I’d assumed the OP is the dad and trying to consistently ensure he doesn’t want to go over 50%. I would definitely know what address the school and doctors was registered in regardless.

ThisMustBeMyDream · 10/06/2019 21:53

I'm not sure where others are getting information from. But nights with your parents absolutely do not count as reducing your contact time. If you want clarification, CMS will advise you of the same over the phone.

It's your contact time. It does not reduce your "number of nights".

CCK1 · 11/06/2019 12:19

I’d assumed the OP is the dad and trying to consistently ensure he doesn’t want to go over 50%. I would definitely know what address the school and doctors was registered in regardless.
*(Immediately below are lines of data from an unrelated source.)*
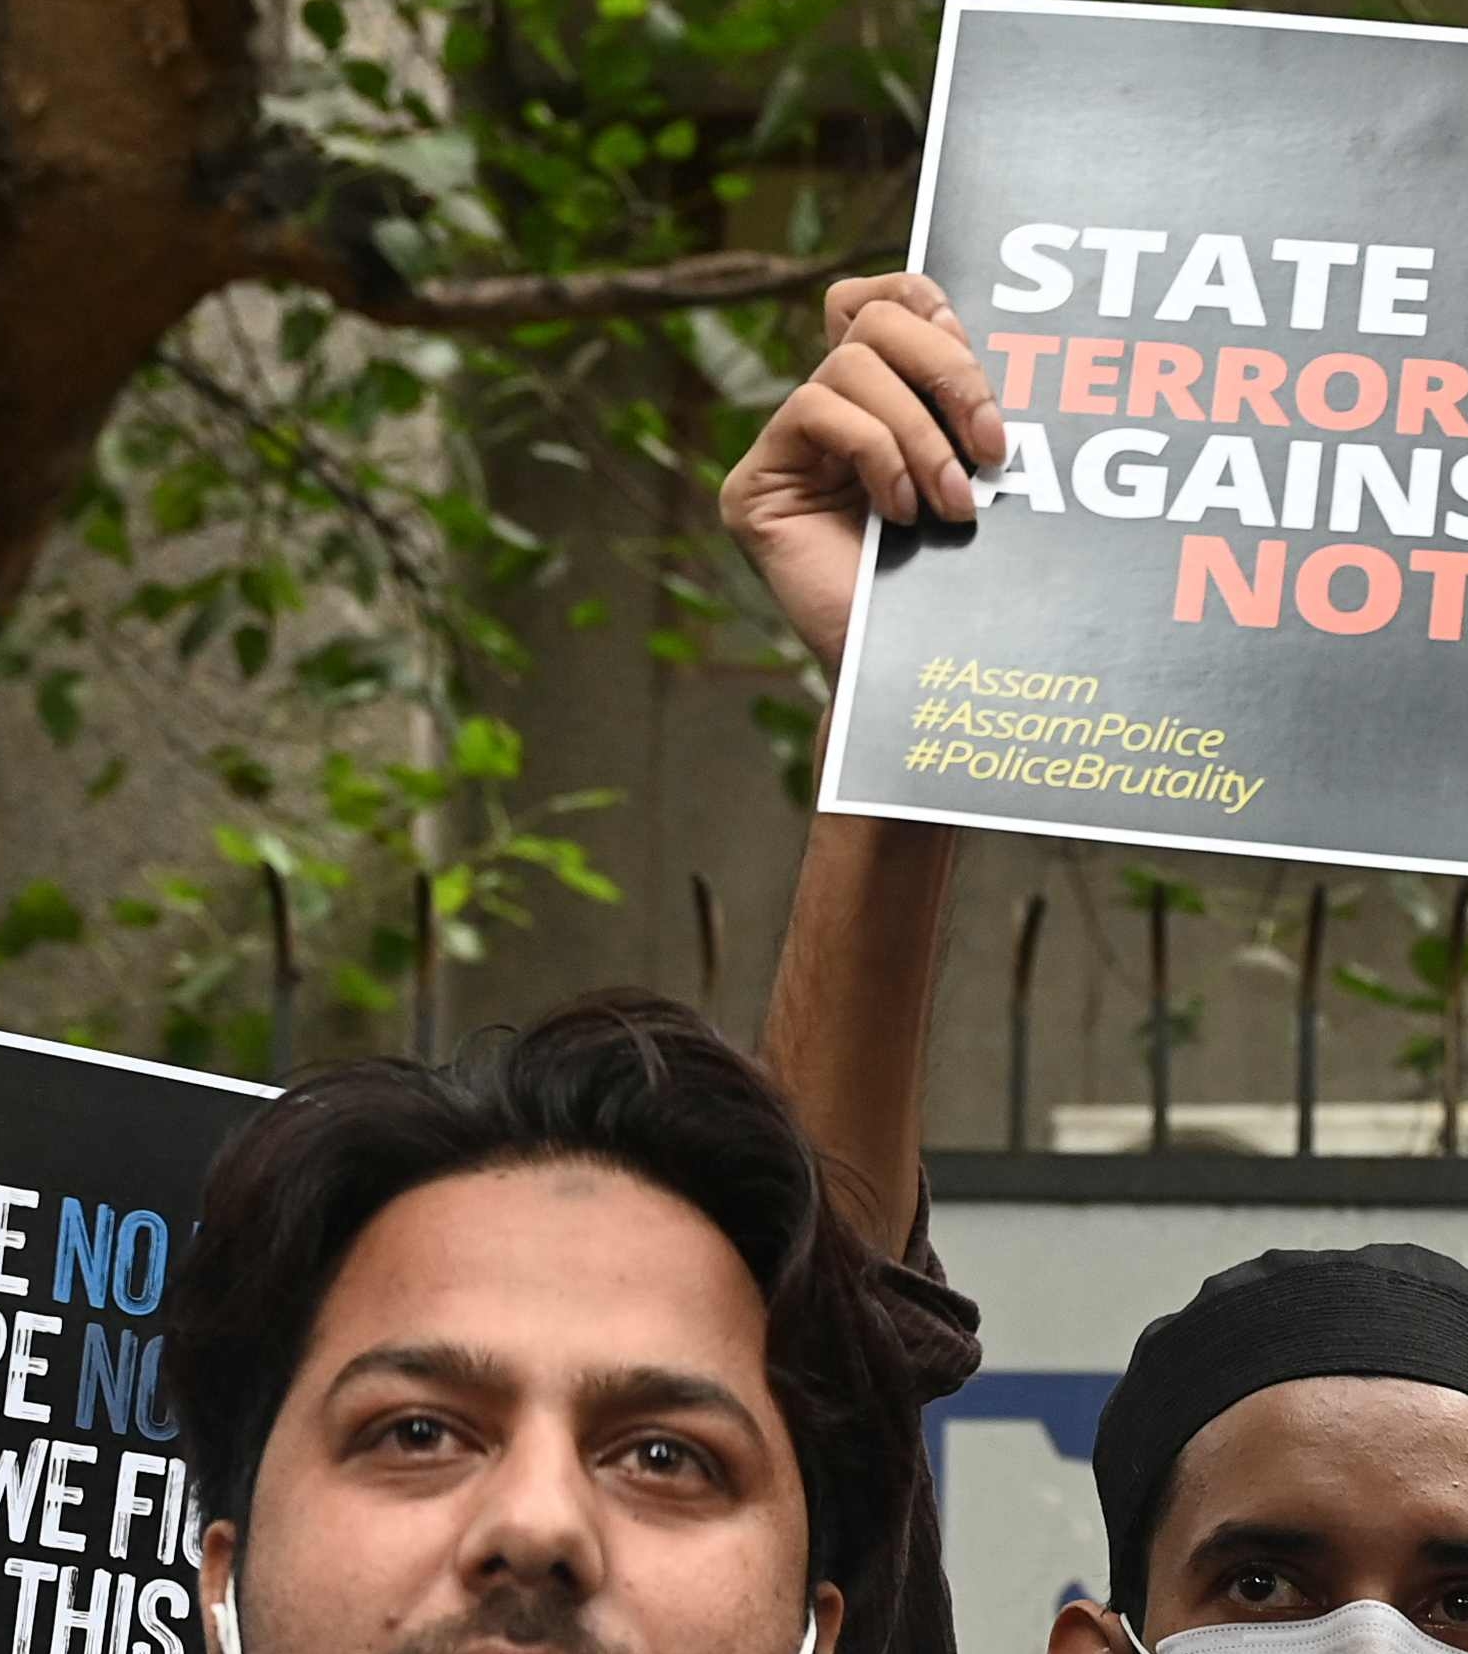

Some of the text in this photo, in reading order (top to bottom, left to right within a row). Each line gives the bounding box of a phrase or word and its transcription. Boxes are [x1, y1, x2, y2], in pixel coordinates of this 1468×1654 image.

[991, 223, 1434, 336] STATE
[918, 656, 1098, 705] #Assam
[912, 698, 1226, 759] #AssamPolice
[904, 738, 1265, 814] #PoliceBrutality
[53, 1196, 169, 1316] NO
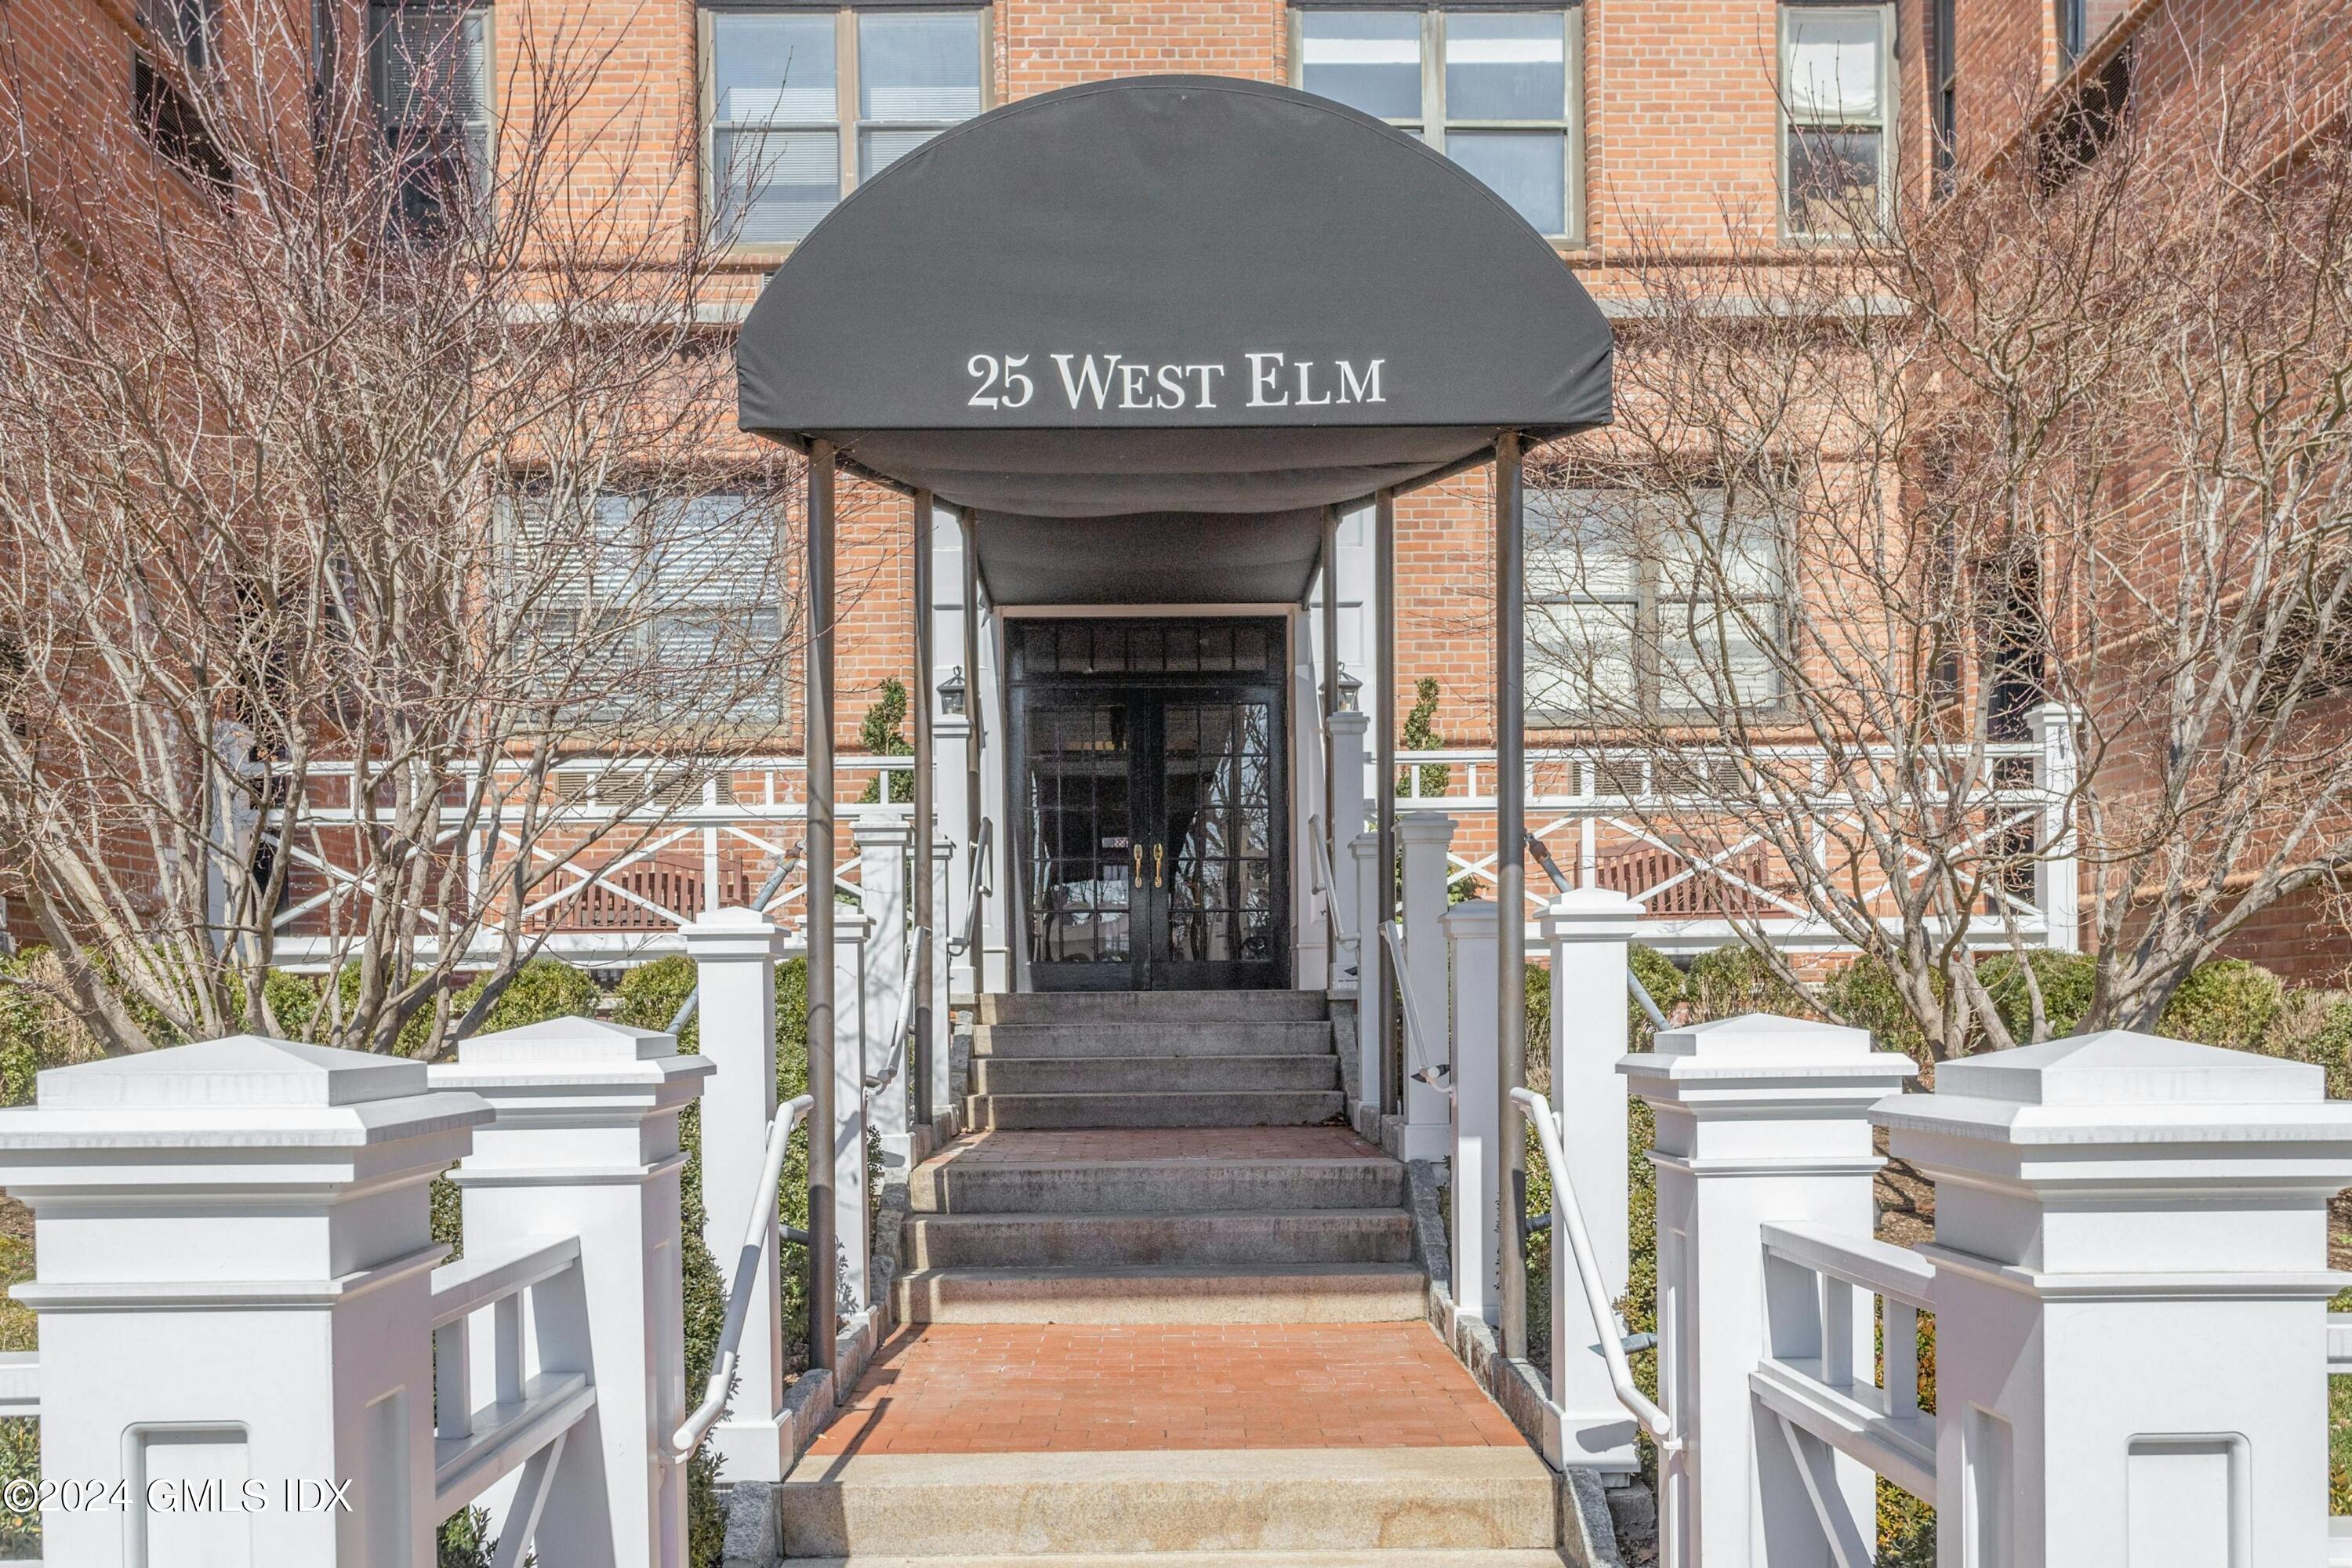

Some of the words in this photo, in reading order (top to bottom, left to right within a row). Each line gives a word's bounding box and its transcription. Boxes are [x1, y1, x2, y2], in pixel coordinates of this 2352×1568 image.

[967, 353, 1034, 410] 25
[1050, 354, 1225, 410] WEST
[1245, 352, 1387, 407] ELM
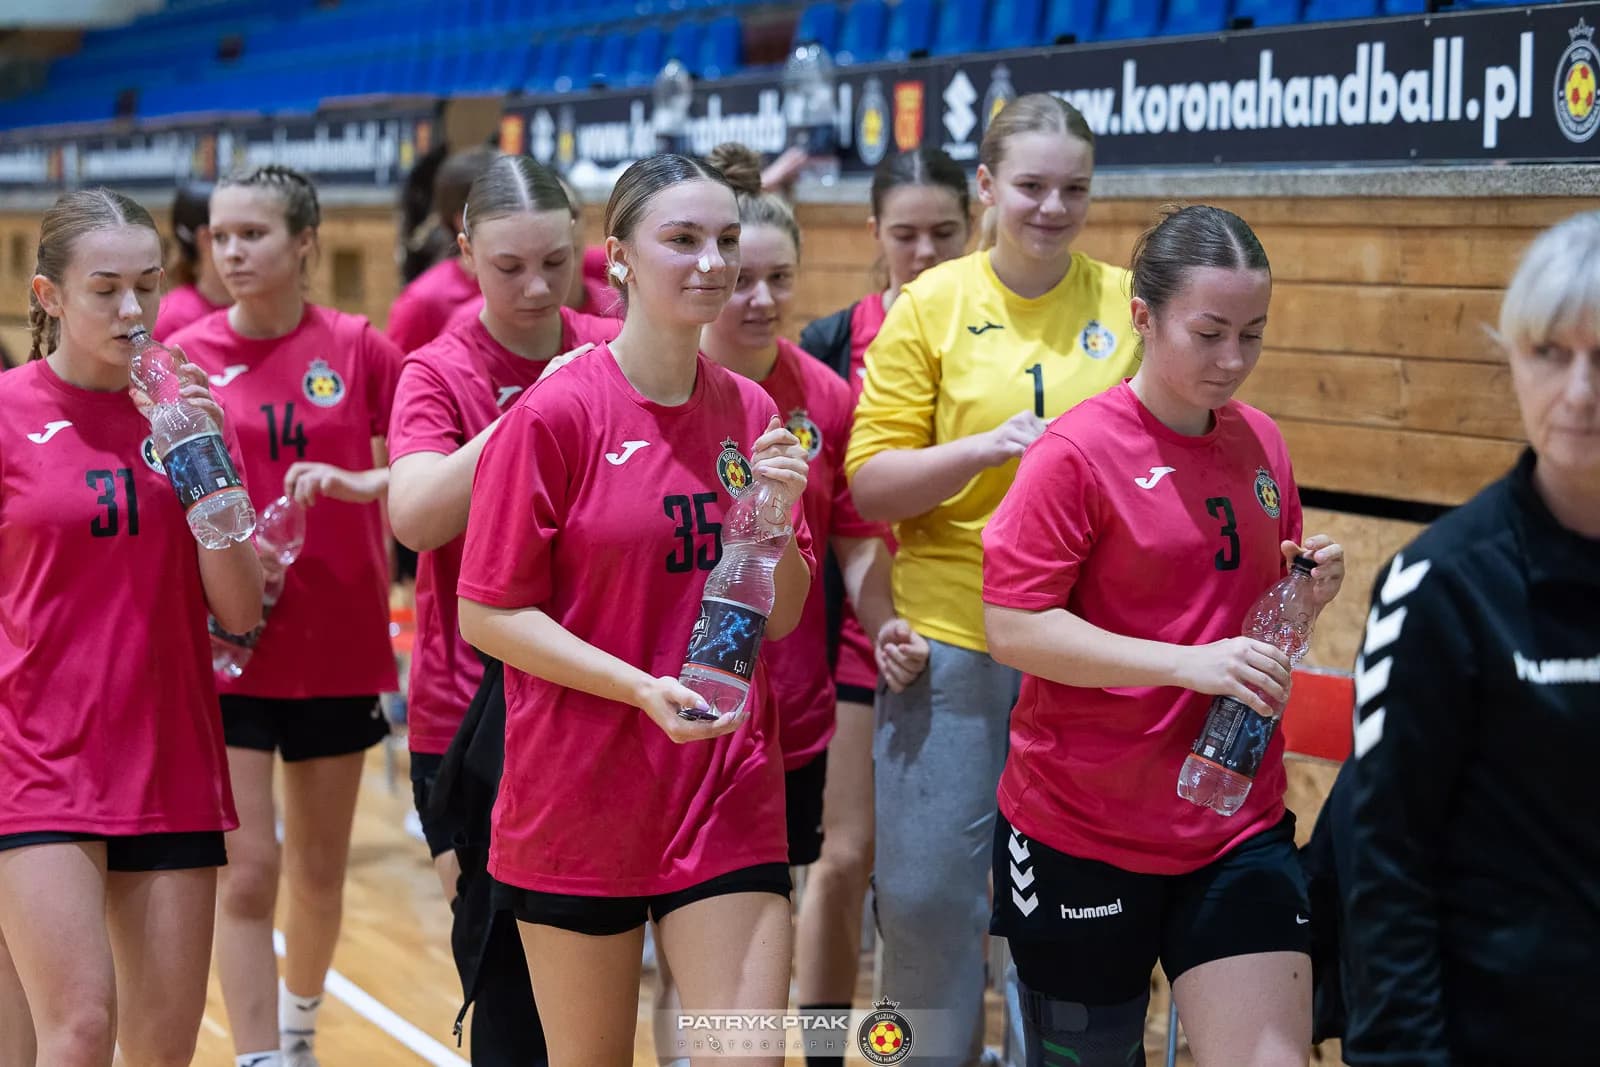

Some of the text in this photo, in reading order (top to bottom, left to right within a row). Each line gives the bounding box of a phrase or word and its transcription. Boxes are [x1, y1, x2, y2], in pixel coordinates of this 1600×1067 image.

Welcome to 2019! I am the Mother and yes I earn a bit more than HE does which is why it made sense for him to claim the benefit as his income is below the threshold.

I know the children have been registered at my address for years and still should be unless he changed them, which is unlikely but possible.

We have a reasonable balance, money is sorted (for now) and I do not want things to become unfair or awkward.

OP posts:
CCK1 · 11/06/2019 12:34

Thank you all for your comments and advice. I guess there are a lot of 'grey' areas on what counts as 'your' time - contact, care, nights with you or other 3rd parties.

We have joint responsibility and the kids are happy. Hopefully I wont need to restrict my parents from having the kids from time to time.